April 3, 2009

Clutter

Let me take  you on a journey.

It's 9am on a Friday morning (this Friday morning in fact). I've just opened my internet browser at work and my homepage slate.com opens up. "Introducing Flutter" it says, "because 140 characters is 114 too many." Huh, is there something cooler than Twitter out there? Doubtful I clicked and was taken to this video. Have you watched it? Because it's fairly hilarious. I obviously have to see if this Flutter exists, so I Google it. Nope, it's just a cruel joke that the good staff of Slate came up with. But I did find a website called Flutter that sounded suspiciously like Etsy (LINKS EVERYWHERE OMG!). Upon browsing the site I came across chandeliers.  My first thought was "Oh my God these are awesome! Now I know where I'm going to buy my next chandelier." My next thought was "wait, when the hell will I need a chandelier in the near future?"

Good Morning!

Oh have you noticed there's a plague going around? It's called the baby plague. I think it's a side effect to the better-known marriage sickness. I felt behind when my friends all started getting engaged and married. Now that they're all going to Babyland, I feel like the runner in last place who can't even see the guy in second-to-last place. Apparently I have a lot of catching up to do, but I'm not going to start sprinting anytime soon.

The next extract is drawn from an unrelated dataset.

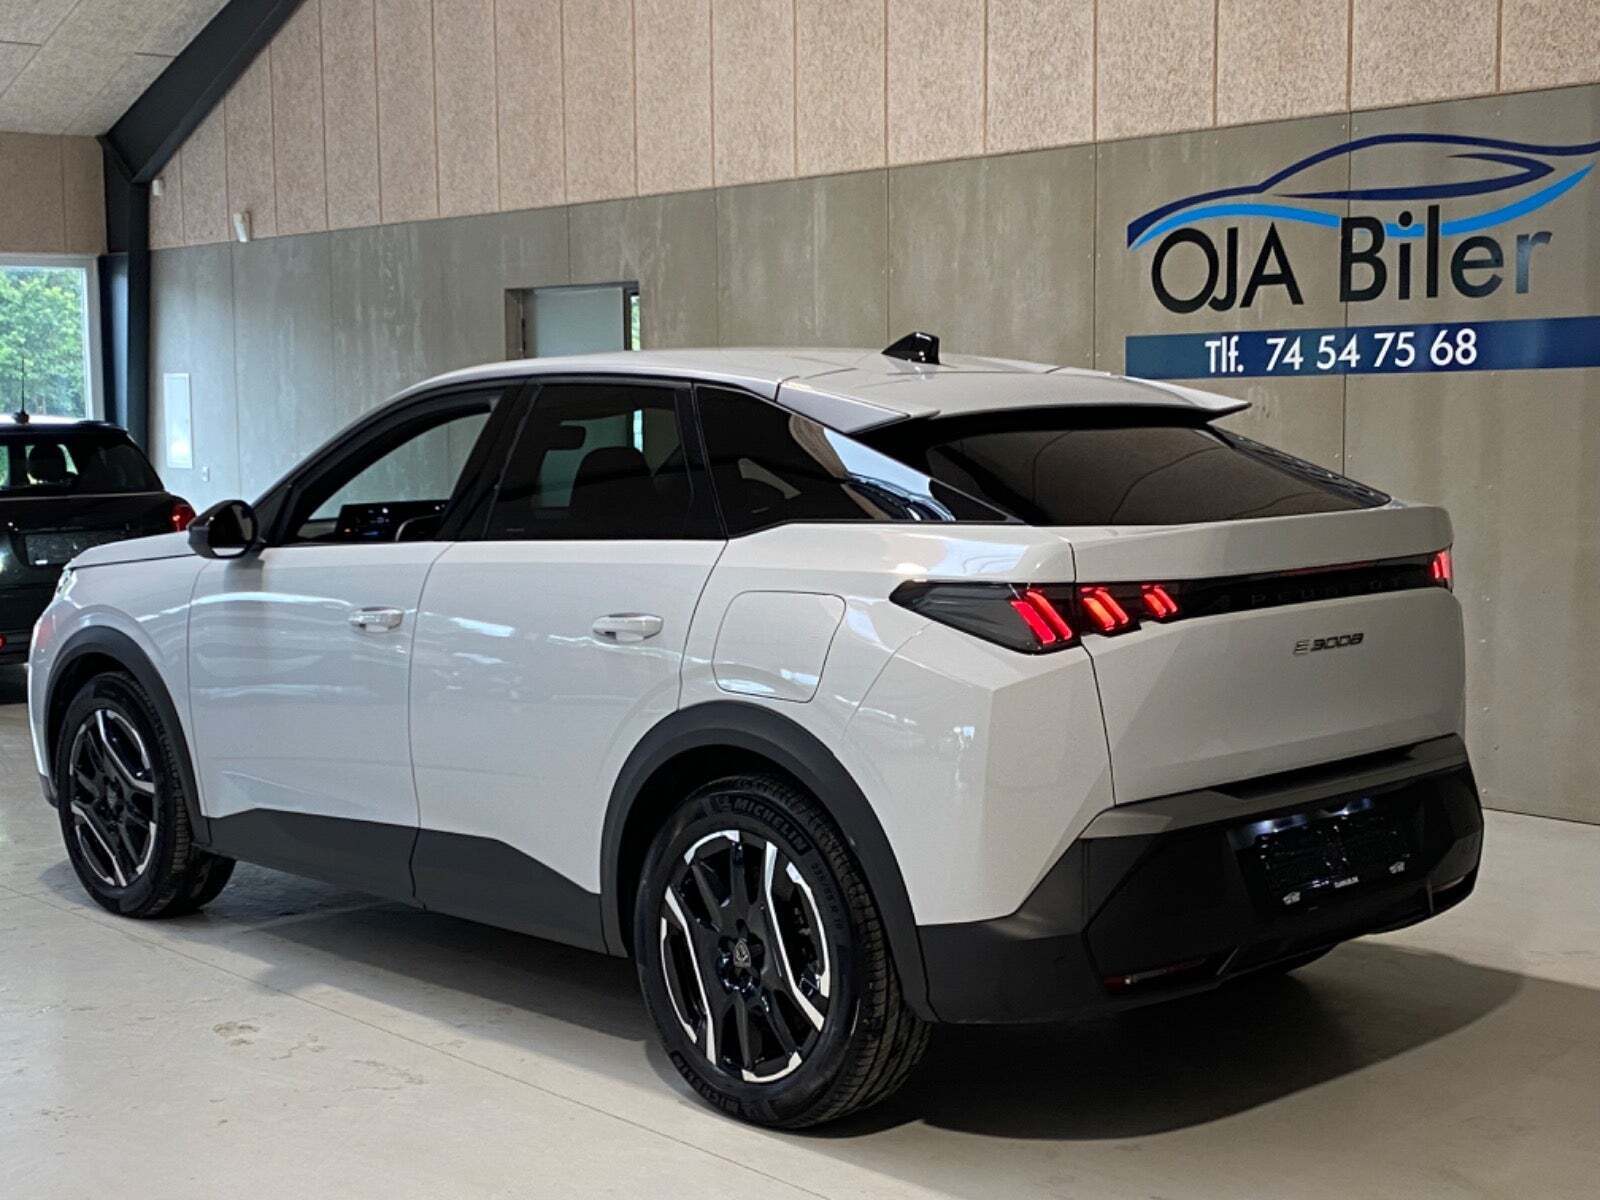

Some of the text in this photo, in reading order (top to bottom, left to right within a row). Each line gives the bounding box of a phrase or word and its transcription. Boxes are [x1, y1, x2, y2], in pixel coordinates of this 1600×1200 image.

[1151, 204, 1553, 314] OJA Biler
[1204, 328, 1478, 374] Tlf. 74 54 75 68
[732, 797, 810, 851] MICHELIN

I moved successfully into my new and fabulous apartment. Fabulous because I can actually cook in the kitchen!! I will be posting pictures soon hopefully of not only the apartment but of my most recent baking adventure in said kitchen.

I'll leave you with this delightful conversation I had with a man while answering the phone at the front desk at work last week.
Phone rings.
Me: Saturday Evening Post.
Man: Yes, hello ma'am, I want to report a child support fraud.
Me: Ok, um, this is the Saturday Evening Post, we're a magazine.
Man: I need to report a child support fraud. Can you help me?
Me: Well this is a magazine. We publish a magazine here.
Man: Do you know who I can call?
Me: Um, I, no, I really don't, I'm so sorry.

In retrospect I probably should have told him child services.

1 comment:

Unknown said...

That phone call is hilarious...I answered the phone once and got "yes, i am extremely offended by one of your magazines, the National Enquirer, who can i talk to about that"...um, we license art, sorry buddy!